After graduating, Cascante briefly shared an office with Eduard Mercader i Sacanella, with whom he undertook the renovation and extension of the Colegio de Loreto in Barcelona (1878–1890, destroyed by fire in 1909) and the first restoration of the church of Sant Pere de les Puel·les (1883), also in Barcelona.

He soon began collaborating with Joan Martorell and Antoni Gaudí, who entrusted him with the supervision of their works in Comillas, Cantabria, commissioned by Antonio López y López, 1st Marquess of Comillas, and members of his circle including Eusebi Güell and Máximo Díaz de Quijano.

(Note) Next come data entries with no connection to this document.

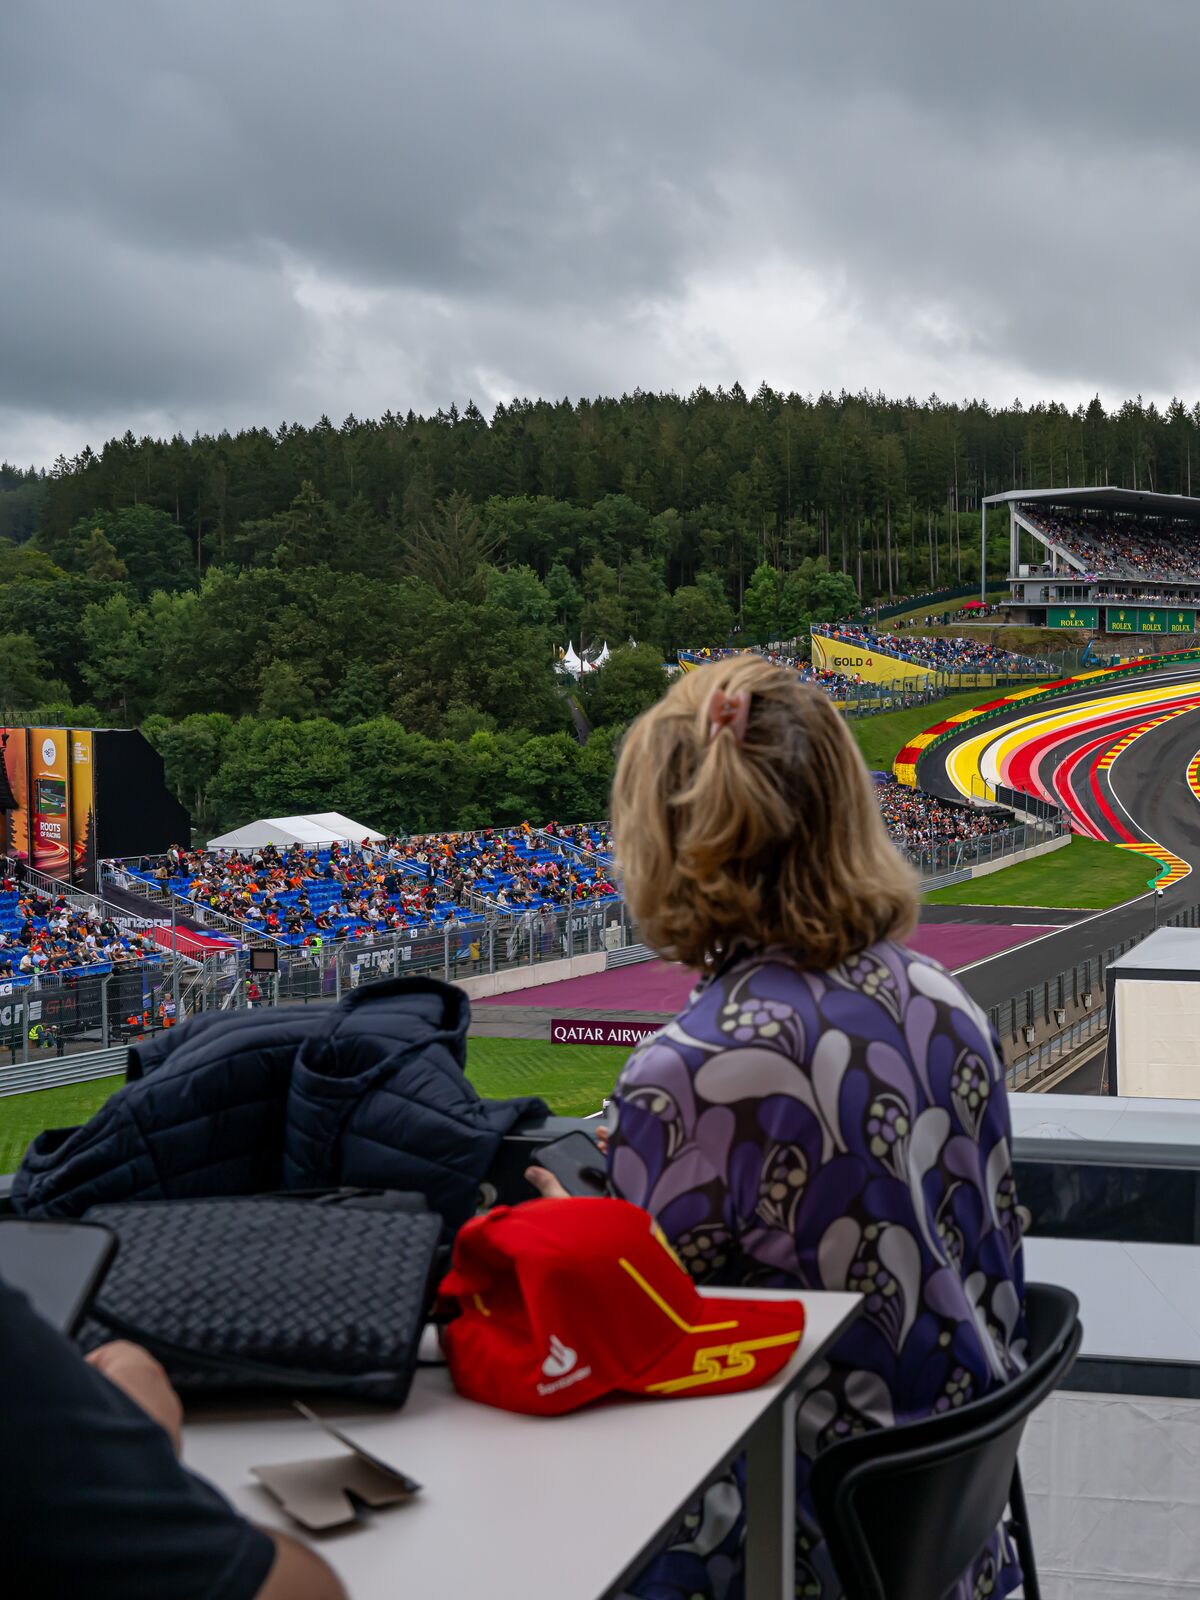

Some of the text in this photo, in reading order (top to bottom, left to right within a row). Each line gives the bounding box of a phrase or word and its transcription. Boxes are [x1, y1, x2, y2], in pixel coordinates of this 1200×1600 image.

[1112, 622, 1132, 630] ROLEX
[1142, 623, 1161, 631] ROLEX
[834, 657, 873, 667] GOLD 4
[40, 822, 61, 832] ROOTS
[3, 985, 9, 994] C
[554, 1026, 604, 1042] QATAR
[692, 1344, 756, 1382] 55
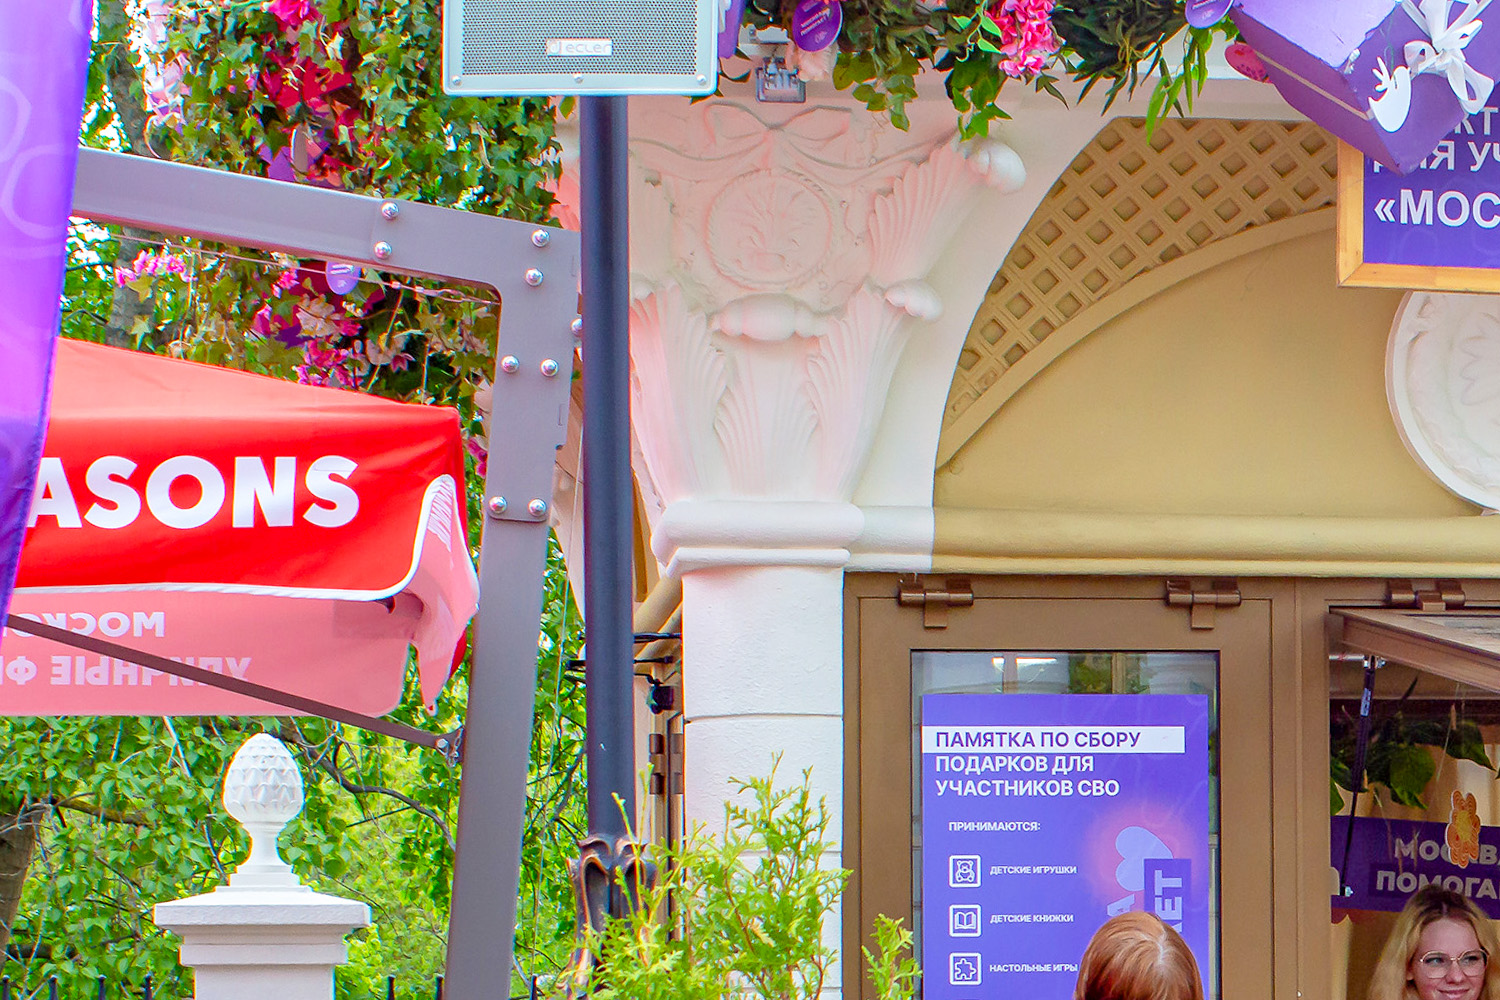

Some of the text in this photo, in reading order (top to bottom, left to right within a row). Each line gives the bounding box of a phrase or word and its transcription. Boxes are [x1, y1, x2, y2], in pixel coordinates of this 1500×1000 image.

Cascante moved permanently to Comillas to oversee these projects, which together represent a remarkable concentration of Catalan Modernisme architecture outside Catalonia.

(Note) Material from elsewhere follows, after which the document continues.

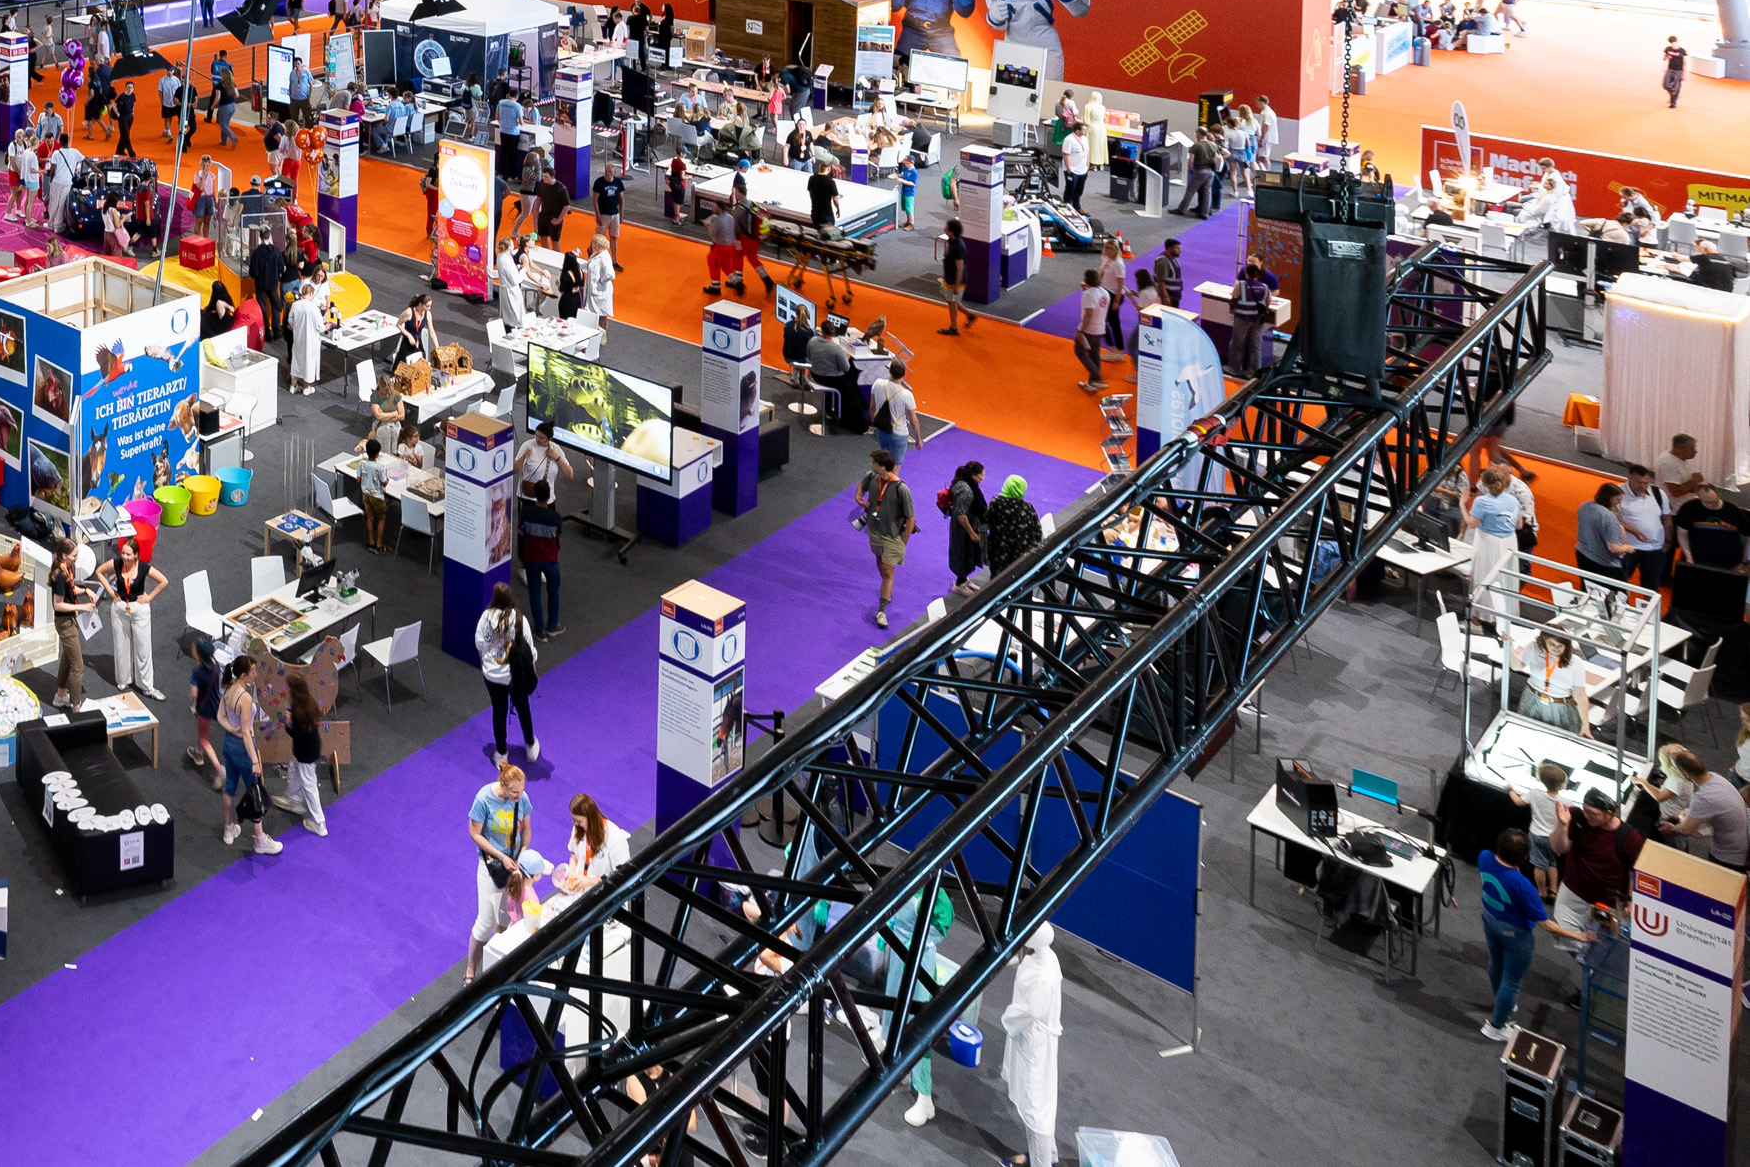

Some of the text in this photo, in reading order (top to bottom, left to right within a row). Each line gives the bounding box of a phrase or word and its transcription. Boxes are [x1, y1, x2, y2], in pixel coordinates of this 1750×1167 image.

His most significant works in Comillas include:

- Palacio de Sobrellano (1881–1888): site director for Joan Martorell's Neo-Gothic palace commissioned by the Marquess of Comillas, completed after the death of both the Marquess (1883) and Cascante himself (1889).
- Chapel-Pantheon of Sobrellano (1881): site direction of the adjacent funerary chapel, also designed by Martorell.
- El Capricho (1883–1885): Gaudí, working from Barcelona, entrusted Cascante with the on-site direction of this pavilion commissioned by Máximo Díaz de Quijano.
- Comillas Hospital (Santo Hospital) (1885–1888): designed and built by Cascante on commission from Claudio López Bru, 2nd Marquess of Comillas.
- Monument to the 1st Marquess of Comillas (1885/1890): Cascante designed the monument, which was ultimately executed in 1890 by Lluís Domènech i Montaner following Cascante's death, retaining the basic design with some modifications.
- Pontifical University of Comillas (1882–1889): co-designed with Martorell; Cascante directed construction until his death, after which Domènech i Montaner completed the building.

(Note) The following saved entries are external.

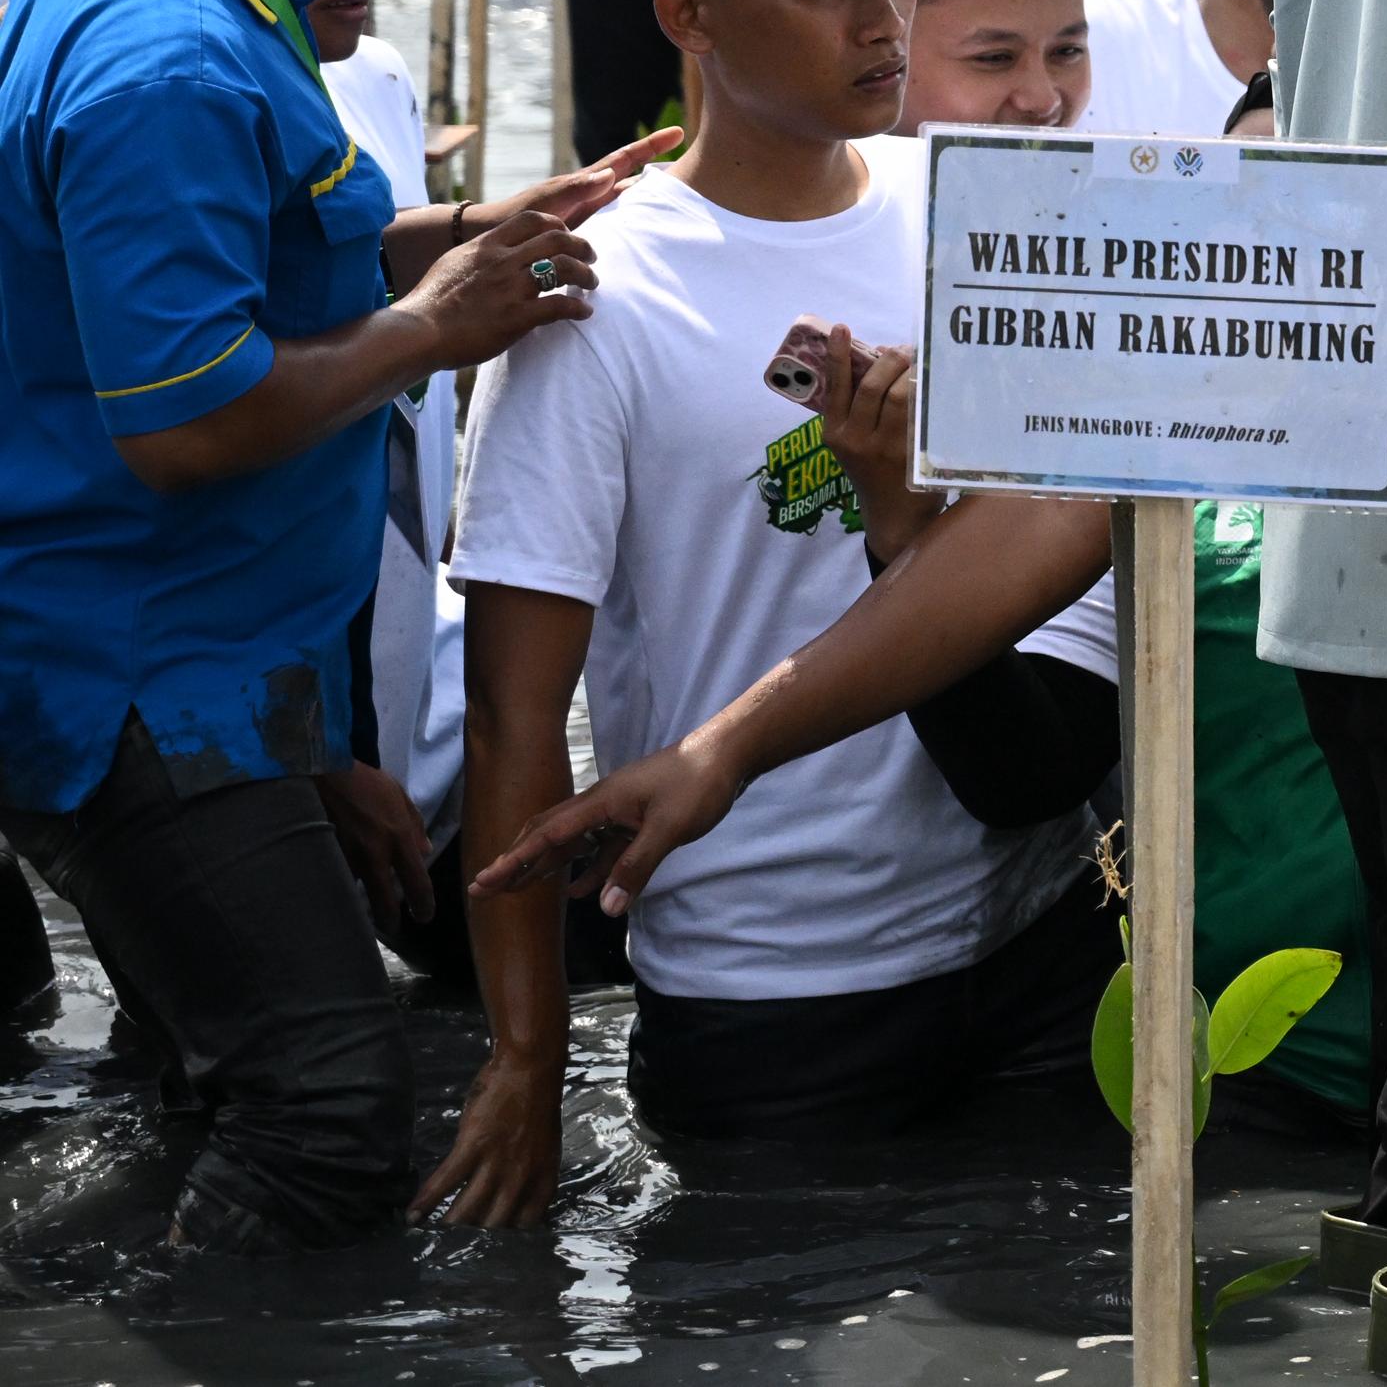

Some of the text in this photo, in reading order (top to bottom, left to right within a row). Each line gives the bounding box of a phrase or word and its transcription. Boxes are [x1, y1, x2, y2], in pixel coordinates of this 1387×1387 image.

[968, 231, 1365, 290] WAKIL PRESIDEN RI
[949, 305, 1376, 365] GIBRAN RAKABUMING
[1024, 415, 1065, 434] JENIS
[1068, 416, 1153, 438] MANGROVE
[1167, 422, 1266, 443] Rhizophora
[1267, 427, 1290, 446] sp.

== Final work and death ==

Cascante's last project was Can Casas (also known as Cellers Müller), a winery in el Bruc, begun in 1888 during one of his stays in Catalonia. He did not live to see it completed; he died suddenly in Barcelona on July 12, 1889, at the age of 37.

== Legacy ==

Cascante's career, though brief, was representative of the medievalist strand of the Catalan Renaixença. His architectural output reflects the direct influence of Elies Rogent and, through his collaborations, the broader orbit of Gaudí and Martorell. His work in Comillas — carried out far from the Catalan cultural milieu in which it originated — made the town a unique showcase of Catalan Modernista architecture and contributed to Comillas's later designation as a site of outstanding architectural heritage.

The buildings he supervised, including the Palacio de Sobrellano, the Chapel-Pantheon, and El Capricho, were collectively declared Bien de Interés Cultural (Assets of Cultural Interest) by the Government of Cantabria.